Hypothesis
Androgen excess is a defining feature of polycystic ovary syndrome (PCOS), which affects 10% of women and confers a significant risk of type 2 diabetes mellitus. Classic androgens correlate with hyperglycaemia in PCOS, but the impact of the recently discovered 11-oxygenated androgens on diabetes risk is unknown. International consensus guidelines have highlighted an urgent need to develop novel biomarkers of diabetes risk in women with PCOS.

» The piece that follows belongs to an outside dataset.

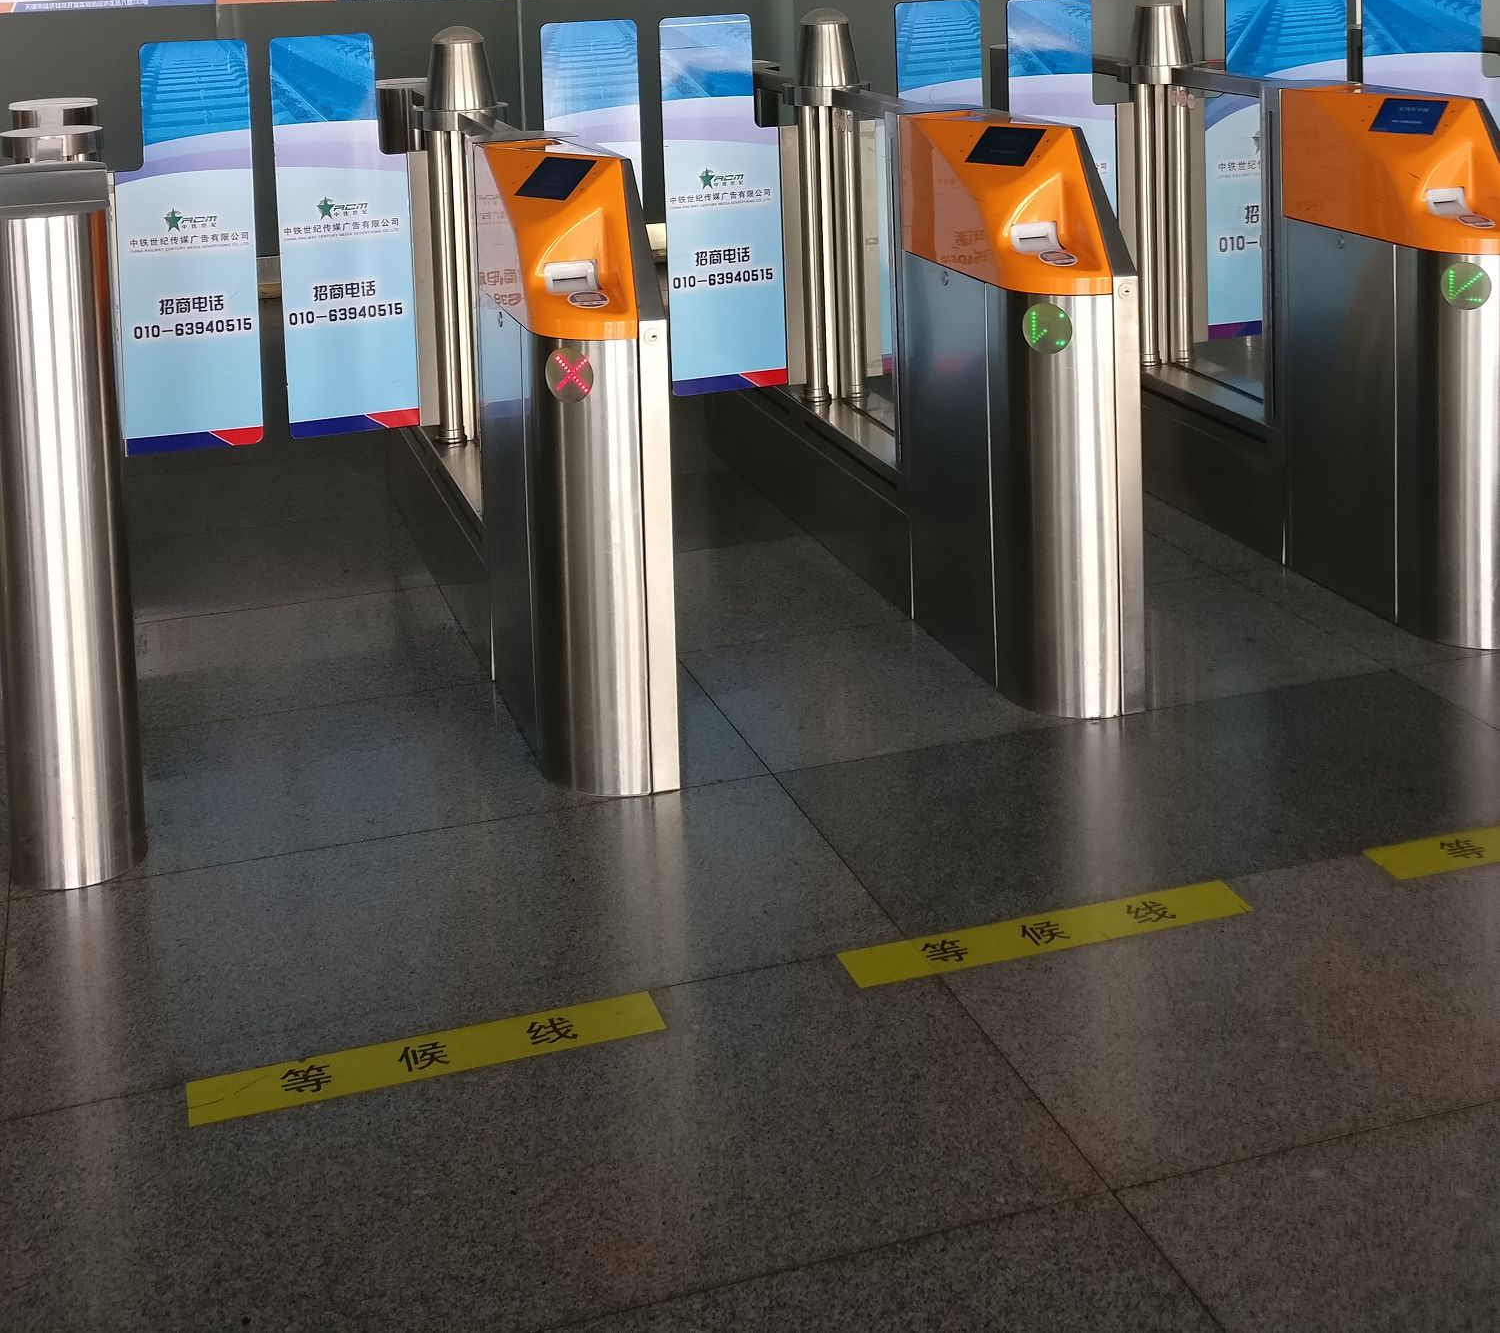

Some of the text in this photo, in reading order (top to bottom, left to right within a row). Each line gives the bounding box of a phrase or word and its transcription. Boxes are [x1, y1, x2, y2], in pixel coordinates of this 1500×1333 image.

I hypothesise that 11-ketotestosterone, the predominant androgen in PCOS, is a major driver of diabetes risk through effects on skeletal muscle glucose metabolism.
Aims and Objectives
The objective of this proposal is to delineate the impact of 11-oxygenated androgens on diabetes risk in women with PCOS, focusing specifically on skeletal muscle glucose metabolism and mitochondrial function with an integrated physiology approach.
Methodology
I will test my hypothesis that 11-oxygenated androgens are independent drivers of hyperglycaemia in PCOS using a two-pronged approach. Firstly, I will investigate the impact of an oral 11-oxygenated androgen precursor challenge in comparison to a classic precursor on skeletal muscle insulin sensitivity in women with PCOS using hyperinsulinaemic-euglycaemic clamp and stable isotope studies. Secondly, I will phenotype a large cohort of women with PCOS, documenting clinical phenome and global metabolome characteristics to probe the relationship between 11-oxygenated androgens and diabetes risk in an approach suitable for clinical practice. I will utilise this cohort to establish a prospective database with the aim of extension to other Irish centres. Anticipated outcomes
This proposal will characterise the independent contribution of 11-oxygenated androgens to diabetes risk in PCOS by probing effects on skeletal muscle glucose and mitochondrial metabolism. Clinical phenome and global metabolome data in a large PCOS cohort will be used to stratify patients at highest metabolic risk, and to determine a possible role for 11-oxygenated androgens as novel biomarkers of diabetes risk.